*** Begin section ***

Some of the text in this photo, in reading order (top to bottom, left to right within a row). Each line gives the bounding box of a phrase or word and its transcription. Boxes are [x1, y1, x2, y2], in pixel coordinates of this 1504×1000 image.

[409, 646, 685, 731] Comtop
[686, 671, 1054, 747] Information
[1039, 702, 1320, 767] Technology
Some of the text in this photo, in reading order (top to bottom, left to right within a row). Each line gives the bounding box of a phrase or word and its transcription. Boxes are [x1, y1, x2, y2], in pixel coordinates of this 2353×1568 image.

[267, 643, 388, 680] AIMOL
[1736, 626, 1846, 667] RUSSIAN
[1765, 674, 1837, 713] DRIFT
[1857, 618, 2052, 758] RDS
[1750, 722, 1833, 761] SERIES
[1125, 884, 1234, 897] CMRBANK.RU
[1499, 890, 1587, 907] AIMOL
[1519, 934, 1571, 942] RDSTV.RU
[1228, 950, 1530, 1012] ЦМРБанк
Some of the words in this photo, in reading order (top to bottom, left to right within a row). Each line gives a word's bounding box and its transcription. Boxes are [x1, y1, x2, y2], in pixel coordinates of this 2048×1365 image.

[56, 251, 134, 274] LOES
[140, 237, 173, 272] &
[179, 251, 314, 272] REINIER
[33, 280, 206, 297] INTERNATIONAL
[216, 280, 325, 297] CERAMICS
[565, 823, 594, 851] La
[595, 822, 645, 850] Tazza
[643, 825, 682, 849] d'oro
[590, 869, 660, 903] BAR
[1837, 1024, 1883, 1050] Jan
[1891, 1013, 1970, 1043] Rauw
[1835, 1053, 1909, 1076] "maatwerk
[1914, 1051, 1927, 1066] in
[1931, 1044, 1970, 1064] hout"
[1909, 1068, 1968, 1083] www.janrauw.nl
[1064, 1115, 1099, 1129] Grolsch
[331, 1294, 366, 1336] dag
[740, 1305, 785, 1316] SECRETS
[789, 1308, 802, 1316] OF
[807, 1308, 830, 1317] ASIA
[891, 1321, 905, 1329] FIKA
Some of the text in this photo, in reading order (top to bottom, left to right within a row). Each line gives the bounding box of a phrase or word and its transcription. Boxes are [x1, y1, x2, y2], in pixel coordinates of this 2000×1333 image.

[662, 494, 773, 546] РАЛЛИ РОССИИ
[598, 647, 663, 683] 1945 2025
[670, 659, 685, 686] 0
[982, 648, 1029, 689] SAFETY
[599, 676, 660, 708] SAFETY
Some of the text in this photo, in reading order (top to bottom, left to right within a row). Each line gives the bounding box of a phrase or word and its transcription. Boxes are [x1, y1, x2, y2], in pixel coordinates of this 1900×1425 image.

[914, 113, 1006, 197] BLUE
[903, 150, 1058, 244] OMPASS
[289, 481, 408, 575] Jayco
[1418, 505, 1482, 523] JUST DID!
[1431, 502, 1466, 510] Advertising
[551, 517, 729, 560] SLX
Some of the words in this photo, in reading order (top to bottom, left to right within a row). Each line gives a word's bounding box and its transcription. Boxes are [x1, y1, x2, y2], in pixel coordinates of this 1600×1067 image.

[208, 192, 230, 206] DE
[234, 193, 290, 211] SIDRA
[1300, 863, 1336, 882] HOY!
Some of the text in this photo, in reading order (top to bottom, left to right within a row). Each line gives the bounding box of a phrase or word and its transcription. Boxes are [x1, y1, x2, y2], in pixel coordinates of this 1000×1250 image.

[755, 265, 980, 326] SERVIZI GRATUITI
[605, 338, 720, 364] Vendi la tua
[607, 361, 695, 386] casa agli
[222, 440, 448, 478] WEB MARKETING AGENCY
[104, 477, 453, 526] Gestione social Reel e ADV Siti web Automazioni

*** End section ***

The records above should be copied out again in full, exactly as they appear.

● Task solution:
Some of the text in this photo, in reading order (top to bottom, left to right within a row). Each line gives the bounding box of a phrase or word and its transcription. Boxes are [x1, y1, x2, y2], in pixel coordinates of this 1504×1000 image.

[409, 646, 685, 731] Comtop
[686, 671, 1054, 747] Information
[1039, 702, 1320, 767] Technology
Some of the text in this photo, in reading order (top to bottom, left to right within a row). Each line gives the bounding box of a phrase or word and its transcription. Boxes are [x1, y1, x2, y2], in pixel coordinates of this 2353×1568 image.

[267, 643, 388, 680] AIMOL
[1736, 626, 1846, 667] RUSSIAN
[1765, 674, 1837, 713] DRIFT
[1857, 618, 2052, 758] RDS
[1750, 722, 1833, 761] SERIES
[1125, 884, 1234, 897] CMRBANK.RU
[1499, 890, 1587, 907] AIMOL
[1519, 934, 1571, 942] RDSTV.RU
[1228, 950, 1530, 1012] ЦМРБанк
Some of the words in this photo, in reading order (top to bottom, left to right within a row). Each line gives a word's bounding box and its transcription. Boxes are [x1, y1, x2, y2], in pixel coordinates of this 2048×1365 image.

[56, 251, 134, 274] LOES
[140, 237, 173, 272] &
[179, 251, 314, 272] REINIER
[33, 280, 206, 297] INTERNATIONAL
[216, 280, 325, 297] CERAMICS
[565, 823, 594, 851] La
[595, 822, 645, 850] Tazza
[643, 825, 682, 849] d'oro
[590, 869, 660, 903] BAR
[1837, 1024, 1883, 1050] Jan
[1891, 1013, 1970, 1043] Rauw
[1835, 1053, 1909, 1076] "maatwerk
[1914, 1051, 1927, 1066] in
[1931, 1044, 1970, 1064] hout"
[1909, 1068, 1968, 1083] www.janrauw.nl
[1064, 1115, 1099, 1129] Grolsch
[331, 1294, 366, 1336] dag
[740, 1305, 785, 1316] SECRETS
[789, 1308, 802, 1316] OF
[807, 1308, 830, 1317] ASIA
[891, 1321, 905, 1329] FIKA
Some of the text in this photo, in reading order (top to bottom, left to right within a row). Each line gives the bounding box of a phrase or word and its transcription. Boxes are [x1, y1, x2, y2], in pixel coordinates of this 2000×1333 image.

[662, 494, 773, 546] РАЛЛИ РОССИИ
[598, 647, 663, 683] 1945 2025
[670, 659, 685, 686] 0
[982, 648, 1029, 689] SAFETY
[599, 676, 660, 708] SAFETY
Some of the text in this photo, in reading order (top to bottom, left to right within a row). Each line gives the bounding box of a phrase or word and its transcription. Boxes are [x1, y1, x2, y2], in pixel coordinates of this 1900×1425 image.

[914, 113, 1006, 197] BLUE
[903, 150, 1058, 244] OMPASS
[289, 481, 408, 575] Jayco
[1418, 505, 1482, 523] JUST DID!
[1431, 502, 1466, 510] Advertising
[551, 517, 729, 560] SLX
Some of the words in this photo, in reading order (top to bottom, left to right within a row). Each line gives a word's bounding box and its transcription. Boxes are [x1, y1, x2, y2], in pixel coordinates of this 1600×1067 image.

[208, 192, 230, 206] DE
[234, 193, 290, 211] SIDRA
[1300, 863, 1336, 882] HOY!
Some of the text in this photo, in reading order (top to bottom, left to right within a row). Each line gives the bounding box of a phrase or word and its transcription. Boxes are [x1, y1, x2, y2], in pixel coordinates of this 1000×1250 image.

[755, 265, 980, 326] SERVIZI GRATUITI
[605, 338, 720, 364] Vendi la tua
[607, 361, 695, 386] casa agli
[222, 440, 448, 478] WEB MARKETING AGENCY
[104, 477, 453, 526] Gestione social Reel e ADV Siti web Automazioni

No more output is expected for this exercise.